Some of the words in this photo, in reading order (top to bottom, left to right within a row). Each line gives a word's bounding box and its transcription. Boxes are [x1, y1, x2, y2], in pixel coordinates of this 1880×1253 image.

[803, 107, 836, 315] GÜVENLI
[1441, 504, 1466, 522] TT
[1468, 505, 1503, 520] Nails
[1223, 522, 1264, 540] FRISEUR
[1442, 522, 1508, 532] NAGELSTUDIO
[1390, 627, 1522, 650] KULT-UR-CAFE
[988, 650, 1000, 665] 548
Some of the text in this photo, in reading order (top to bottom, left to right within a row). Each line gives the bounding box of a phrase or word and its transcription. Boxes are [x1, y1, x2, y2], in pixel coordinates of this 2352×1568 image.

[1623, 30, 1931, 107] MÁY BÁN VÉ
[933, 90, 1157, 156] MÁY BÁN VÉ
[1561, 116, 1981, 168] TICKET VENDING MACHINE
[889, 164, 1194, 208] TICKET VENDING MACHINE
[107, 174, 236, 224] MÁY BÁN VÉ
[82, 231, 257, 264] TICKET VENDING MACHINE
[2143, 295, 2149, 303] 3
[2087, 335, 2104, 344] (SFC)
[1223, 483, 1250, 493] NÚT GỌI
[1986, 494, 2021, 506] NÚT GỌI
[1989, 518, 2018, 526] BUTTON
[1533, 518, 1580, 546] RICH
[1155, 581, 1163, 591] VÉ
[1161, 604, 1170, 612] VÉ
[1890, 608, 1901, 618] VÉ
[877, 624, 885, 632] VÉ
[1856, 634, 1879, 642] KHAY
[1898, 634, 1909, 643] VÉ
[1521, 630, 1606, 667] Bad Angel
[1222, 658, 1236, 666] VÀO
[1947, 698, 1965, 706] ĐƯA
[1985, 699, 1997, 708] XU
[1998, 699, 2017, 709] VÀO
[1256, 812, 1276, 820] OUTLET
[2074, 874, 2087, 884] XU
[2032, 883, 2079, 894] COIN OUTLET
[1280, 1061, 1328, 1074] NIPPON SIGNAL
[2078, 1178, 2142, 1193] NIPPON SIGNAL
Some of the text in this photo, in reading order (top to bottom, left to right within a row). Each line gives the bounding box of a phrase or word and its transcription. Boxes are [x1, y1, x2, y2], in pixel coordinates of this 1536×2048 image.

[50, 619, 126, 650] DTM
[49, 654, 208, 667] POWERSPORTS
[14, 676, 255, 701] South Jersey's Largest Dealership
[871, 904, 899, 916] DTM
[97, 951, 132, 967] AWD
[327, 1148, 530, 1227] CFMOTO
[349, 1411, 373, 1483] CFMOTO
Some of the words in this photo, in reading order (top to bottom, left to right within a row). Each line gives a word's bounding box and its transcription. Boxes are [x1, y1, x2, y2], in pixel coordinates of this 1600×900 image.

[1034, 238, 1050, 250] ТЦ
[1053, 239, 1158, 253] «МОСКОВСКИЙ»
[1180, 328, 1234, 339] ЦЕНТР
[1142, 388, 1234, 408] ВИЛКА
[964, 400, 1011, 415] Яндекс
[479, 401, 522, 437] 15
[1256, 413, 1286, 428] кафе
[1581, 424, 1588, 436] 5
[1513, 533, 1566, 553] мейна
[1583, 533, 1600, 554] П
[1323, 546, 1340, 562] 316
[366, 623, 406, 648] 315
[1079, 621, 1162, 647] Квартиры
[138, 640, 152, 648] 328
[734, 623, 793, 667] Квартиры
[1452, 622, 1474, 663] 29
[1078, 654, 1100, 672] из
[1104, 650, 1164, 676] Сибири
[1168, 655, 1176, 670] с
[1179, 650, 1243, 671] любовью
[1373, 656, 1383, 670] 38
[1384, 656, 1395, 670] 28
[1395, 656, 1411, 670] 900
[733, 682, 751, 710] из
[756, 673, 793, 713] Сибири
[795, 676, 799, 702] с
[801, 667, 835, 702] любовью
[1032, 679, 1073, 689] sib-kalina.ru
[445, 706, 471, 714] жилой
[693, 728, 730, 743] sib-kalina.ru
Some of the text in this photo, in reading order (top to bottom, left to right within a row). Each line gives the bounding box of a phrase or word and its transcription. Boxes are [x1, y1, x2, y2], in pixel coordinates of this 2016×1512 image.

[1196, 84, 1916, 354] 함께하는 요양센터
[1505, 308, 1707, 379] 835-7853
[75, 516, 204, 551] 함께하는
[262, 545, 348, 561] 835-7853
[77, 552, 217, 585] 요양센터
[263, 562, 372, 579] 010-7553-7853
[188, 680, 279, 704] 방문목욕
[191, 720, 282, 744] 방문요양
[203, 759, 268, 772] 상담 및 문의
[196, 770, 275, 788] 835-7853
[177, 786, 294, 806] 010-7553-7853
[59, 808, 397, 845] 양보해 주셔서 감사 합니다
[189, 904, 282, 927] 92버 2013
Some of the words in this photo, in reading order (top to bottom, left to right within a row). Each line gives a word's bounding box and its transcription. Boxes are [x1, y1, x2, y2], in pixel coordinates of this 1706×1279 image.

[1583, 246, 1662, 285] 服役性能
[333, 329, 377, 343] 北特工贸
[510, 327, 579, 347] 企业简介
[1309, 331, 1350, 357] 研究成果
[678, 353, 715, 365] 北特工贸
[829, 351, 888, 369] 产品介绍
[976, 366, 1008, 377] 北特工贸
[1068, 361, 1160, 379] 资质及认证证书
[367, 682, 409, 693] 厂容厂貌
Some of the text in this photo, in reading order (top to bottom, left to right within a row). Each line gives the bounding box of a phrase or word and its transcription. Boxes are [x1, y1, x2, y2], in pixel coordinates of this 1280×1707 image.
##############################
All the lines above are to be copied exactly, with none left out.

Some of the words in this photo, in reading order (top to bottom, left to right within a row). Each line gives a word's bounding box and its transcription. Boxes are [x1, y1, x2, y2], in pixel coordinates of this 1880×1253 image.

[803, 107, 836, 315] GÜVENLI
[1441, 504, 1466, 522] TT
[1468, 505, 1503, 520] Nails
[1223, 522, 1264, 540] FRISEUR
[1442, 522, 1508, 532] NAGELSTUDIO
[1390, 627, 1522, 650] KULT-UR-CAFE
[988, 650, 1000, 665] 548
Some of the text in this photo, in reading order (top to bottom, left to right within a row). Each line gives the bounding box of a phrase or word and its transcription. Boxes are [x1, y1, x2, y2], in pixel coordinates of this 2352×1568 image.

[1623, 30, 1931, 107] MÁY BÁN VÉ
[933, 90, 1157, 156] MÁY BÁN VÉ
[1561, 116, 1981, 168] TICKET VENDING MACHINE
[889, 164, 1194, 208] TICKET VENDING MACHINE
[107, 174, 236, 224] MÁY BÁN VÉ
[82, 231, 257, 264] TICKET VENDING MACHINE
[2143, 295, 2149, 303] 3
[2087, 335, 2104, 344] (SFC)
[1223, 483, 1250, 493] NÚT GỌI
[1986, 494, 2021, 506] NÚT GỌI
[1989, 518, 2018, 526] BUTTON
[1533, 518, 1580, 546] RICH
[1155, 581, 1163, 591] VÉ
[1161, 604, 1170, 612] VÉ
[1890, 608, 1901, 618] VÉ
[877, 624, 885, 632] VÉ
[1856, 634, 1879, 642] KHAY
[1898, 634, 1909, 643] VÉ
[1521, 630, 1606, 667] Bad Angel
[1222, 658, 1236, 666] VÀO
[1947, 698, 1965, 706] ĐƯA
[1985, 699, 1997, 708] XU
[1998, 699, 2017, 709] VÀO
[1256, 812, 1276, 820] OUTLET
[2074, 874, 2087, 884] XU
[2032, 883, 2079, 894] COIN OUTLET
[1280, 1061, 1328, 1074] NIPPON SIGNAL
[2078, 1178, 2142, 1193] NIPPON SIGNAL
Some of the text in this photo, in reading order (top to bottom, left to right within a row). Each line gives the bounding box of a phrase or word and its transcription. Boxes are [x1, y1, x2, y2], in pixel coordinates of this 1536×2048 image.

[50, 619, 126, 650] DTM
[49, 654, 208, 667] POWERSPORTS
[14, 676, 255, 701] South Jersey's Largest Dealership
[871, 904, 899, 916] DTM
[97, 951, 132, 967] AWD
[327, 1148, 530, 1227] CFMOTO
[349, 1411, 373, 1483] CFMOTO
Some of the words in this photo, in reading order (top to bottom, left to right within a row). Each line gives a word's bounding box and its transcription. Boxes are [x1, y1, x2, y2], in pixel coordinates of this 1600×900 image.

[1034, 238, 1050, 250] ТЦ
[1053, 239, 1158, 253] «МОСКОВСКИЙ»
[1180, 328, 1234, 339] ЦЕНТР
[1142, 388, 1234, 408] ВИЛКА
[964, 400, 1011, 415] Яндекс
[479, 401, 522, 437] 15
[1256, 413, 1286, 428] кафе
[1581, 424, 1588, 436] 5
[1513, 533, 1566, 553] мейна
[1583, 533, 1600, 554] П
[1323, 546, 1340, 562] 316
[366, 623, 406, 648] 315
[1079, 621, 1162, 647] Квартиры
[138, 640, 152, 648] 328
[734, 623, 793, 667] Квартиры
[1452, 622, 1474, 663] 29
[1078, 654, 1100, 672] из
[1104, 650, 1164, 676] Сибири
[1168, 655, 1176, 670] с
[1179, 650, 1243, 671] любовью
[1373, 656, 1383, 670] 38
[1384, 656, 1395, 670] 28
[1395, 656, 1411, 670] 900
[733, 682, 751, 710] из
[756, 673, 793, 713] Сибири
[795, 676, 799, 702] с
[801, 667, 835, 702] любовью
[1032, 679, 1073, 689] sib-kalina.ru
[445, 706, 471, 714] жилой
[693, 728, 730, 743] sib-kalina.ru
Some of the text in this photo, in reading order (top to bottom, left to right within a row). Each line gives the bounding box of a phrase or word and its transcription. Boxes are [x1, y1, x2, y2], in pixel coordinates of this 2016×1512 image.

[1196, 84, 1916, 354] 함께하는 요양센터
[1505, 308, 1707, 379] 835-7853
[75, 516, 204, 551] 함께하는
[262, 545, 348, 561] 835-7853
[77, 552, 217, 585] 요양센터
[263, 562, 372, 579] 010-7553-7853
[188, 680, 279, 704] 방문목욕
[191, 720, 282, 744] 방문요양
[203, 759, 268, 772] 상담 및 문의
[196, 770, 275, 788] 835-7853
[177, 786, 294, 806] 010-7553-7853
[59, 808, 397, 845] 양보해 주셔서 감사 합니다
[189, 904, 282, 927] 92버 2013
Some of the words in this photo, in reading order (top to bottom, left to right within a row). Each line gives a word's bounding box and its transcription. Boxes are [x1, y1, x2, y2], in pixel coordinates of this 1706×1279 image.

[1583, 246, 1662, 285] 服役性能
[333, 329, 377, 343] 北特工贸
[510, 327, 579, 347] 企业简介
[1309, 331, 1350, 357] 研究成果
[678, 353, 715, 365] 北特工贸
[829, 351, 888, 369] 产品介绍
[976, 366, 1008, 377] 北特工贸
[1068, 361, 1160, 379] 资质及认证证书
[367, 682, 409, 693] 厂容厂貌
Some of the text in this photo, in reading order (top to bottom, left to right within a row). Each line gives the bounding box of a phrase or word and its transcription. Boxes are [x1, y1, x2, y2], in pixel coordinates of this 1280×1707 image.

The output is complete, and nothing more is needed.